Soon Leon is released to Jane’s care. He is slowly recovering his memory, but has moments of violent anger, aimed mostly at Jane. In an effort to determine why he has not finished the book that he told her he finished, she begins to rummage through his attic workplace.
She finds correspondence from another author who claims his work was stolen and plagiarized by Leon. Jane is beside herself; she knows this could not be true. She contacts the author only to discover that he has been threatened with bodily harm if he does not stop making this claim. Within a few days, he is found dead.
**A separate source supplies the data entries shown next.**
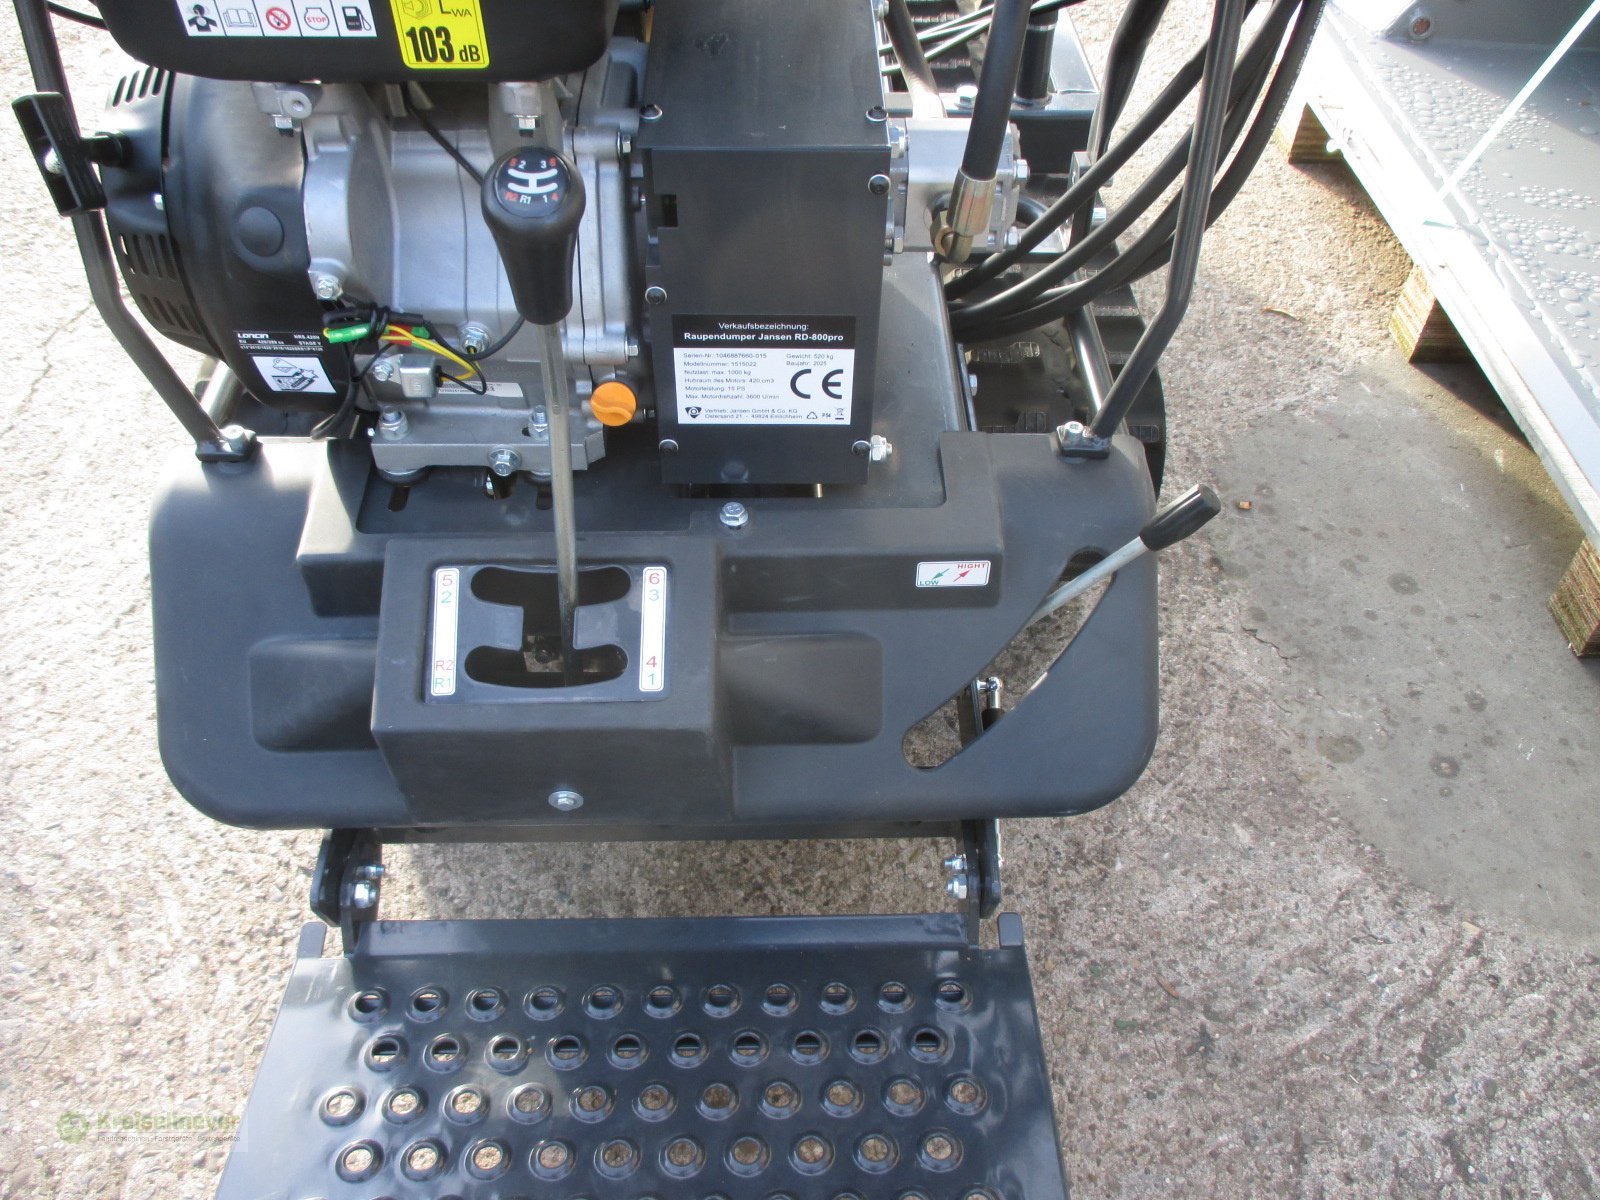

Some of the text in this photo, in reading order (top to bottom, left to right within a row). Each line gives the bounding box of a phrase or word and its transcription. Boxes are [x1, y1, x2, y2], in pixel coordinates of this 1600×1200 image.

[406, 26, 481, 62] 103 dB
[518, 160, 527, 169] 2
[540, 160, 547, 169] 3
[520, 194, 532, 205] R1
[542, 194, 548, 203] 1
[718, 322, 809, 331] Verkaufsbezeichnung:
[684, 332, 844, 342] Raupendumper Jansen RD-800pro
[789, 368, 844, 400] CE
[441, 574, 454, 587] 5
[648, 572, 661, 585] 6
[440, 591, 453, 604] 2
[648, 588, 660, 602] 3
[435, 660, 454, 672] R2
[645, 655, 658, 669] 4
[435, 677, 452, 689] R1
[647, 673, 655, 686] 1
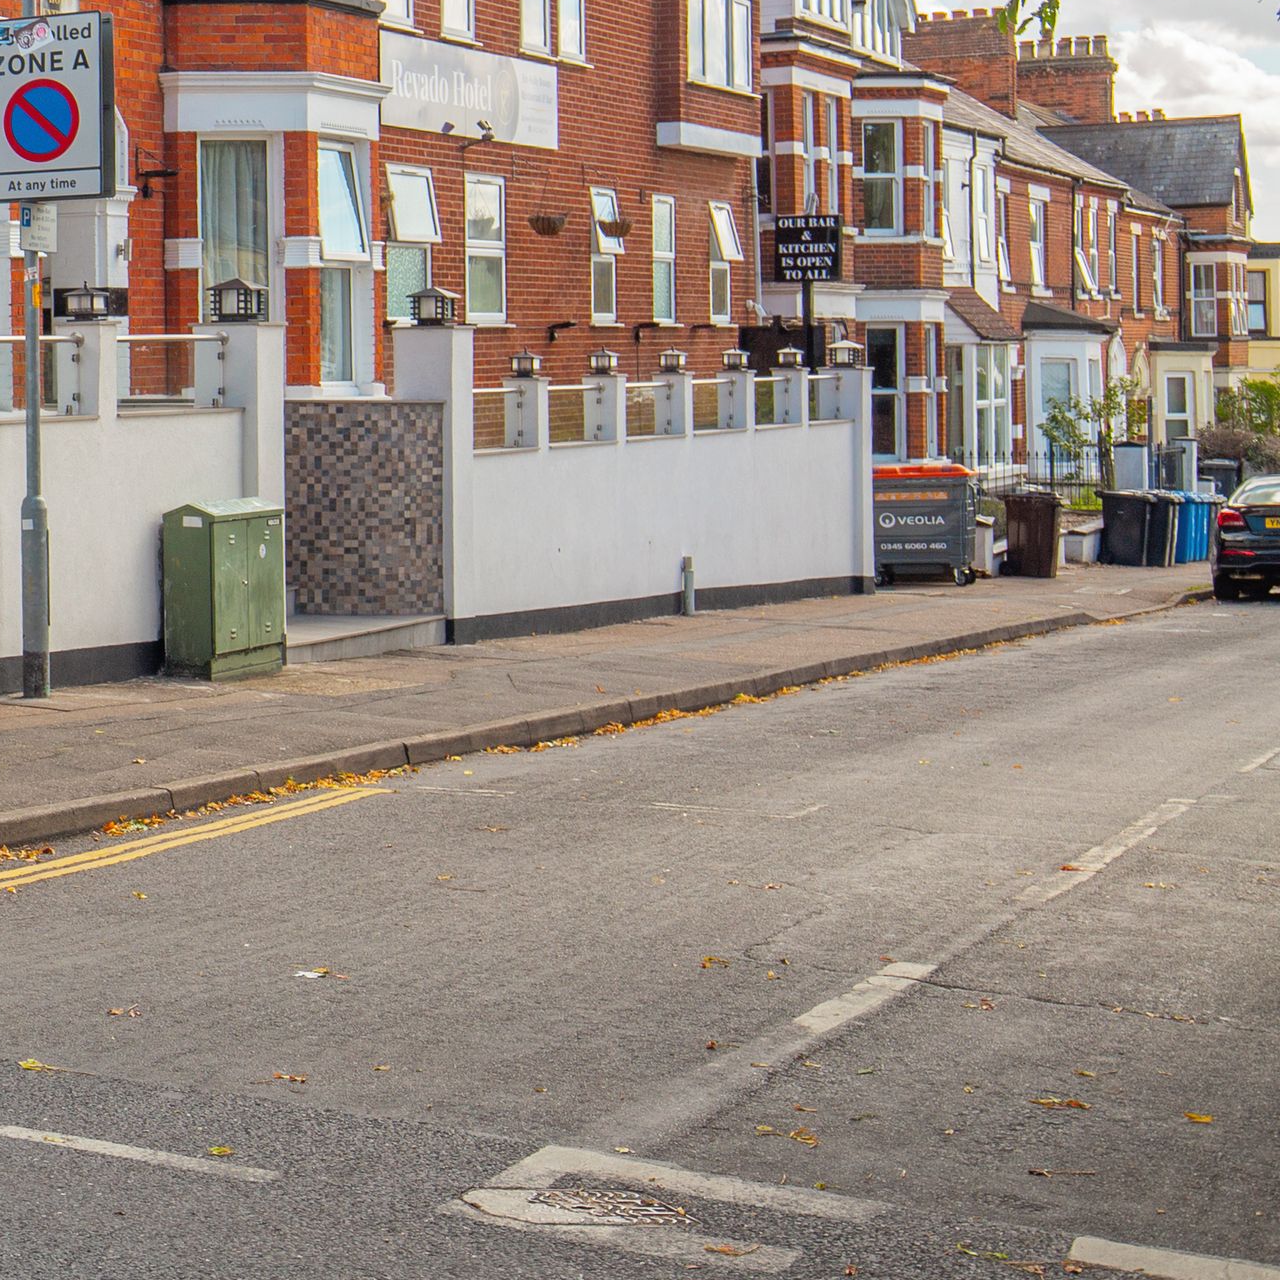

As she continues to search through Leon’s workplace, she discovers several videos that he took from the attic window across the street toward the neighbor’s house. In several of the videos she sees a black car slowly driving along the street but the focus is more on the neighbor’s house. Jane convinces herself that the neighbors are somehow invested in Leon’s attack. Their son is an adult with mental disorders, the wife is angry about Jane’s cat messing in the garden, and the husband is, well, just angry.
The suspects start adding up and the police are not much help in finding the real culprit. One of Jane and Leon’s friends, Frankie, another writer, suggests that to help alleviate the money problem, Jane should finish Leon’s book. Leon certainly is not capable of doing it and without it being completed, there won’t be any more royalties or advances.
Now, Daly has a good setup here, but her carry-through is weak at times. First, one wonders if there are really jails where female citizens go to teach a class to inmates and there is no guard in the room. Then, the first wife being summoned is also curious, especially since that is the one and only scene in which she appears, and she is not a candidate for attacker.
It should be noted that Daly does a good job of keeping the real culprit under wraps until the end of the story, so the reader has all the suspects, just needs to figure out whodunnit before the end of the story.
It’s a good premise and Daly does a respectable job of laying out all the clues. This gets a three-star review. Not a disappointment, just some things that are hard to figure out.